But the three silver agouti girls (one is long haired) and the 2 silver agouti boys (one longhair) are all doing well. There is also a long haired black tan girl and a white pink eyed girl (but not a pew... I'm thinking maybe himalayan, and her points just haven't come in yet?) that are also doing well.

Another silver agouti doe gave birth, she was with the chinchilla buck, but unfortunately several of her babies were born dead, and ants swarmed her cage. I did manage to save 1 girl from that litter, which I fostered with another mom who had just given birth. Being pinkies, there's no way to tell which girl is the one from the silver agouti, but I won't cull any girls until they become fuzzies. By then it will be very easy to tell, as the foster mom is satin agouti bred to satin chocolate, so there will be only one grey standard girl.

Three of the first silver agouti does I brought home all came down with a severe ear infection.

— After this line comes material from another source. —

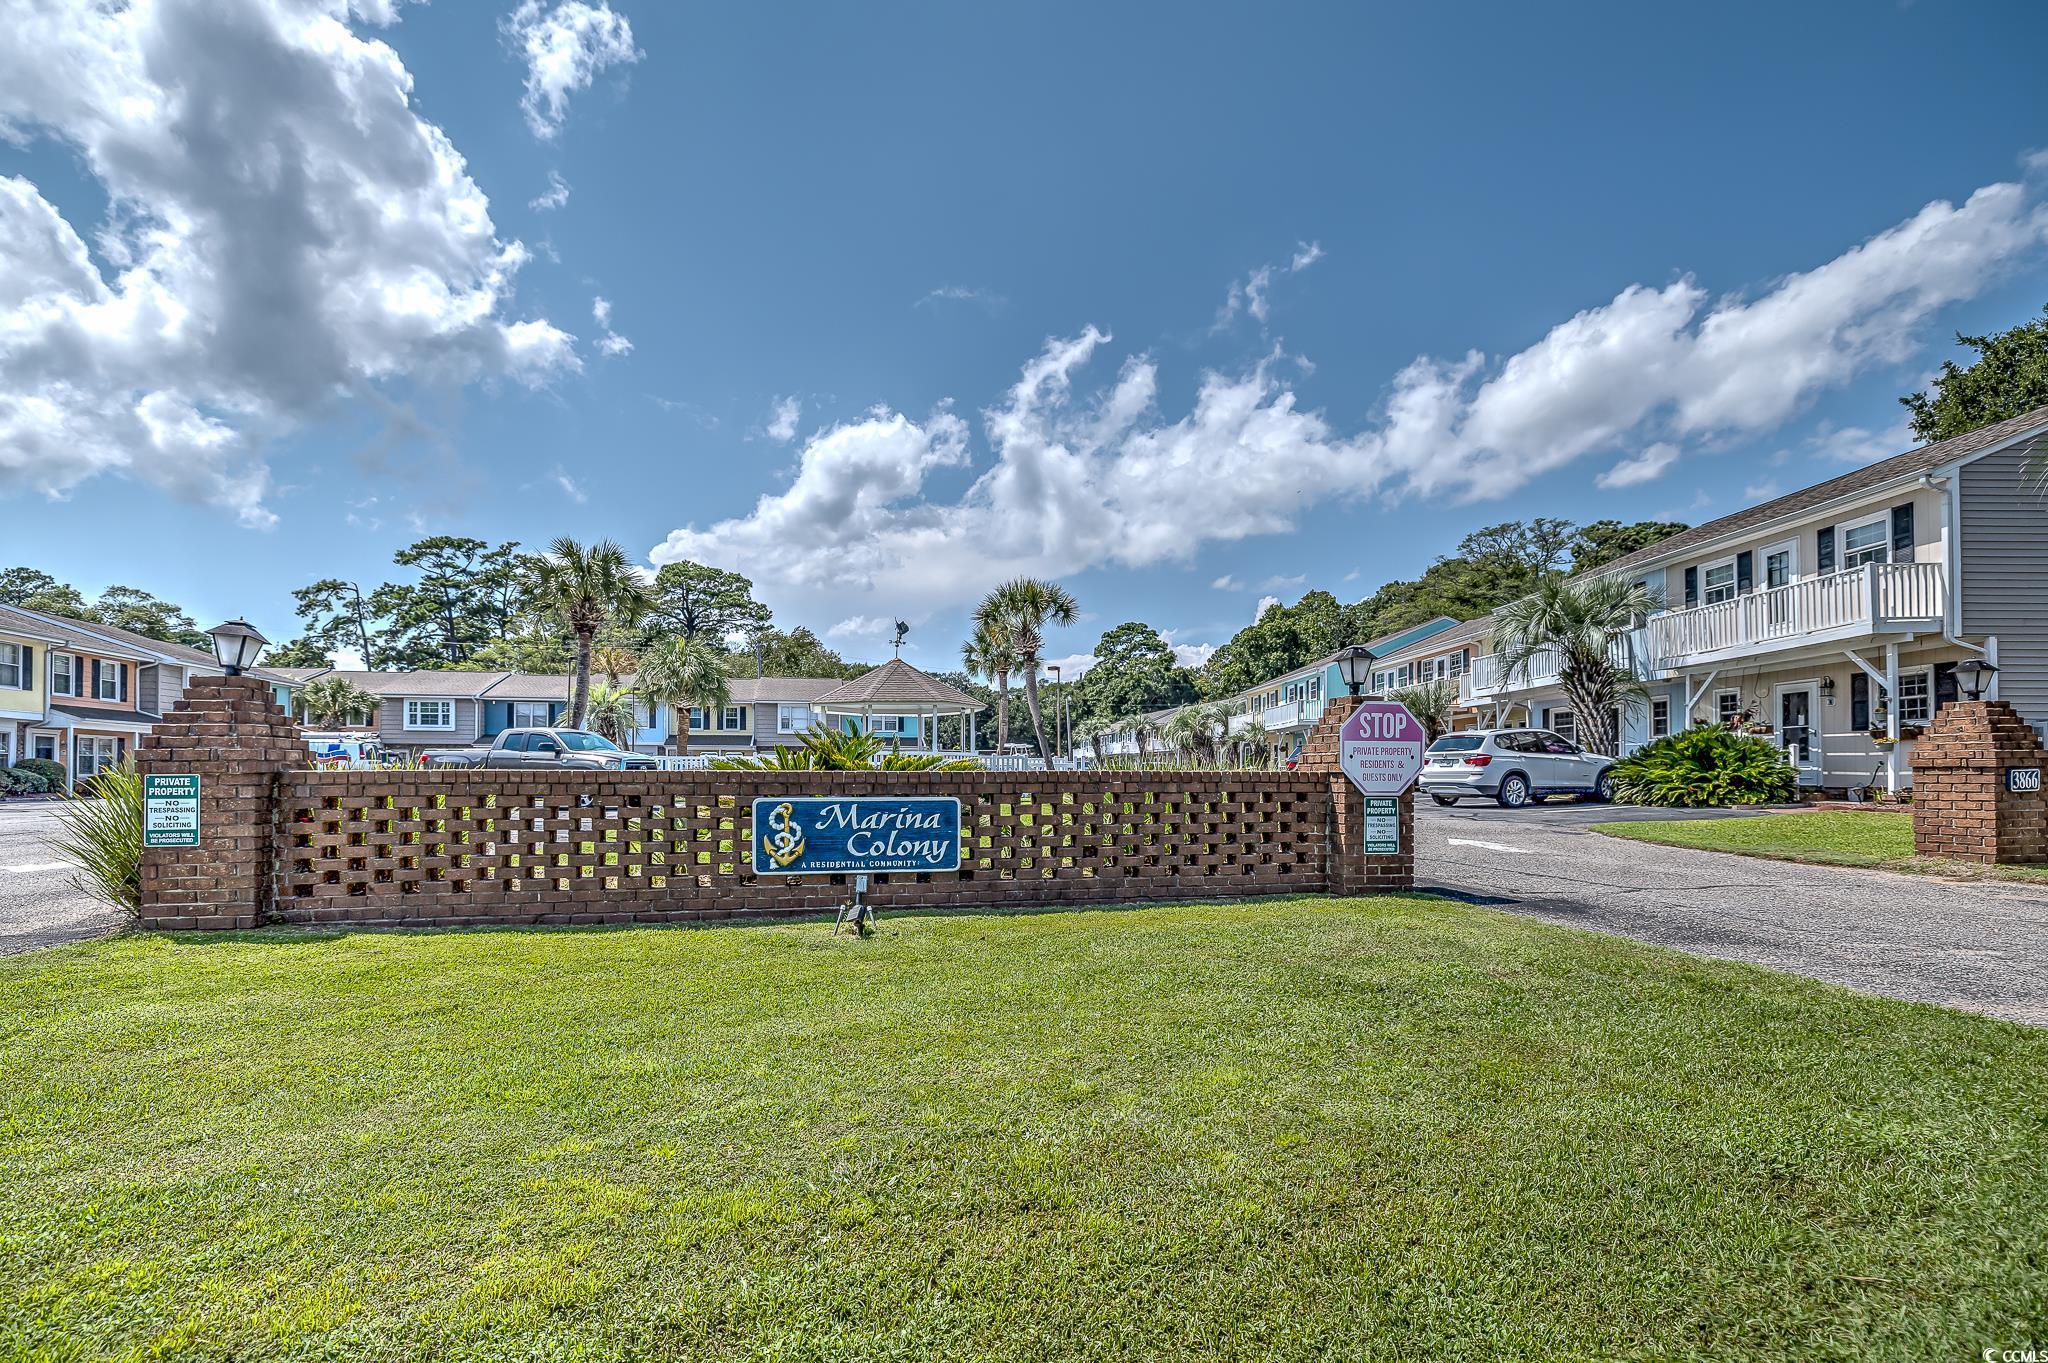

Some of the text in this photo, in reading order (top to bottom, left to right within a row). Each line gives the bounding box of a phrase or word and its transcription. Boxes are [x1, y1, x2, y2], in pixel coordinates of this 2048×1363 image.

I tried treating with antibiotics, tried treating with ivermectin in case it was a mite problem, but nothing helped. All of the does had red, seeping sores in their ears, one doe's ear was completely sealed off with swelling, and one doe's ear started to gangrene along the edge. At that point I felt the mice were suffering too much and beyond any treatment I could offer, and I culled them. The odd thing about the ear infection or whatever the problem was is that the chinchilla buck and two of the other does were exposed to the sick ones, but never showed any symptoms whatsoever, and to this day remain perfectly healthy. Maybe it was some kind of allergy, and all the does that came down with it were from the same line?

I picked up another short furred silver agouti buck for breeding, and 3-4 more silver agouti does, as well as one chinchilla doe, so at least with having bad luck with the infections, my numbers have stayed up. Also, I found what I think is a chinchillated chocolate buck and two girls of the same color, as well as several chocolate foxes. I'll be breeding them as well, so if anyone wants chinchillated chocolate instead of silver agouti/ chinchilla, just let me know.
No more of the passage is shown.